Guide to a Winning Interview May 2024 for MCWN
Guide to a Winning Interview May 2024 for MCWNGuide to a Winning Interview May 2024 for MCWN
Guide to a Winning Interview May 2024 for MCWN
 
Howrah [ Call Girls Kolkata ₹7.5k Pick Up & Drop With Cash Payment 8005736733...
Howrah [ Call Girls Kolkata ₹7.5k Pick Up & Drop With Cash Payment 8005736733...Howrah [ Call Girls Kolkata ₹7.5k Pick Up & Drop With Cash Payment 8005736733...
Howrah [ Call Girls Kolkata ₹7.5k Pick Up & Drop With Cash Payment 8005736733...
 

Project presentation slides

  • 1. College Scorecard Predicting Earnings To Debt Ratio Emdadul Haque and Derek Atwood
  • 2. Data Description College Scorecard data: https://www.kaggle.com/kaggle/college-scorecard ● Data collected from 1996 - 2013 ● 2009 dataset chosen for completeness and recency ● 7149 observations / 1484 features ● Each observation corresponds to a unique College ● Features related to demographics, cost of attendance, proportion of students receiving financial aid, earnings multiple years after matriculation, etc
  • 3. Data Description ● Lots of missing data! ● Some information not reported by specific Colleges ● Some information suppressed for privacy
  • 4. Data Processing ● Variables with >15% of observations missing were removed ● Response variable created as a ratio of median earnings six years after matriculation vs. median debt ● For each variable, missing values were replaced with the median of non-missing values ● Highly correlated and low variance variables were removed
  • 5. Data Processing ● Outliers diagnosed and removed (~0.5% of response variable)

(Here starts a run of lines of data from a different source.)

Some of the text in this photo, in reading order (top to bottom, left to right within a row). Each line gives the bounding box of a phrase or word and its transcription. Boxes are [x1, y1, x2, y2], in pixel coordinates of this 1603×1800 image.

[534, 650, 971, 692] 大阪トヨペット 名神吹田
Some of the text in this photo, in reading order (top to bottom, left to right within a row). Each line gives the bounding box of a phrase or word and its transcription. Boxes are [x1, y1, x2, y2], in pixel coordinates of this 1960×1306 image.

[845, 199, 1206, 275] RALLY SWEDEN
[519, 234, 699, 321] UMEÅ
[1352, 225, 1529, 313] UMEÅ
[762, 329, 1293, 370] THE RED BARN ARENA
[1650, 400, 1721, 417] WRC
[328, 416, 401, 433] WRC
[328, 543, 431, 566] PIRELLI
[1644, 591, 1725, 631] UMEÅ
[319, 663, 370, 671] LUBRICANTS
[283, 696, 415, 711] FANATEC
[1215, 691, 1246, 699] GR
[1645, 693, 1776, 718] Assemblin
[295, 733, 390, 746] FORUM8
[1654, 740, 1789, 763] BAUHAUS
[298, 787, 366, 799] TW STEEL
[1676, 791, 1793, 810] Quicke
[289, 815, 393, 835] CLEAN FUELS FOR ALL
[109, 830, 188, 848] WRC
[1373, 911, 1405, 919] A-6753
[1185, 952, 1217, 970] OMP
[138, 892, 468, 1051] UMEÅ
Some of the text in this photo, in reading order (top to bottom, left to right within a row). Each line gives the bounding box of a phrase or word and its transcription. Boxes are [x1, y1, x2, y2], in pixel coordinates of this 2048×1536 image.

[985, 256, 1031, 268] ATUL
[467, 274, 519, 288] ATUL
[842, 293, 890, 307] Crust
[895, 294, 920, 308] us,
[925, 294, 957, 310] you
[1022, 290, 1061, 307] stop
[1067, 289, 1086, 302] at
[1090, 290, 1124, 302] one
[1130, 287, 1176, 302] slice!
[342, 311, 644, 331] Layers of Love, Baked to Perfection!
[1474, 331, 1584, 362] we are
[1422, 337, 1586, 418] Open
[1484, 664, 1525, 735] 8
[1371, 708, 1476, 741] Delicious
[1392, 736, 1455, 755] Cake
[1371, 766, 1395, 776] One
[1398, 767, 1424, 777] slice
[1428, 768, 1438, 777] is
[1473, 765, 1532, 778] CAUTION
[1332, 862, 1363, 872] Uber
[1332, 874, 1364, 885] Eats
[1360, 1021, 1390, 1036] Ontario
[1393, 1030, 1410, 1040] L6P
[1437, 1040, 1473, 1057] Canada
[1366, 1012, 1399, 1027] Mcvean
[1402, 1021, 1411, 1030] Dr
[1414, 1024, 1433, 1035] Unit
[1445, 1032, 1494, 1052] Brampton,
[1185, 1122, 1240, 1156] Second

  • 6. Analysis ● Originally we intended to use data from 2009 to predict earnings to debt ratio for 2011 ● Predictors with low amounts of missing values in 2009 had large amounts of missing values in 2011, and vice versa ● Final data consisted of 5130 observations and 223 predictors ● 2009 data split into training (70%) and testing (30%) sets
  • 7. Methodology Linear Model: ● Poor performance (negative predicted ratios) Lasso: ● Exploratory lasso model selected ~120-130 variables for various iterations ● Models resulted in MSE of ~0.45 (R2 ~0.65) Principal Component Analysis ● No single predictor explained a significant percentage of variance
  • 8. Random Forest Explained ● Ensemble learning method that aggregates regression trees ● A subset of the total predictors is used to build each tree ● + Handles large numbers of variable without deletion ● + Runs efficiently on large data sets ● + Inherent treating of interactions between variables ● - Loss of interpretability
  • 10. Random Forest Final Model: One-half of the total predictors used per tree Forest of 200 trees MSE of ~0.3 (R2 ~ 0.75)
  • 11.
  • 12. Conclusion ● Missing data provided greatest challenge to building an accurate model ● Data was decidedly unclean - redundant variables, missing factor levels, etc ● Significant amount of data processing required (~¾ of time spent) ● Imputing missing data with median values increased model performance ● The large amount of missing data likely sets an upper bound on the performance of this model, but more data processing, feature engineering, and additional tuning of parameters could result in more robust performance.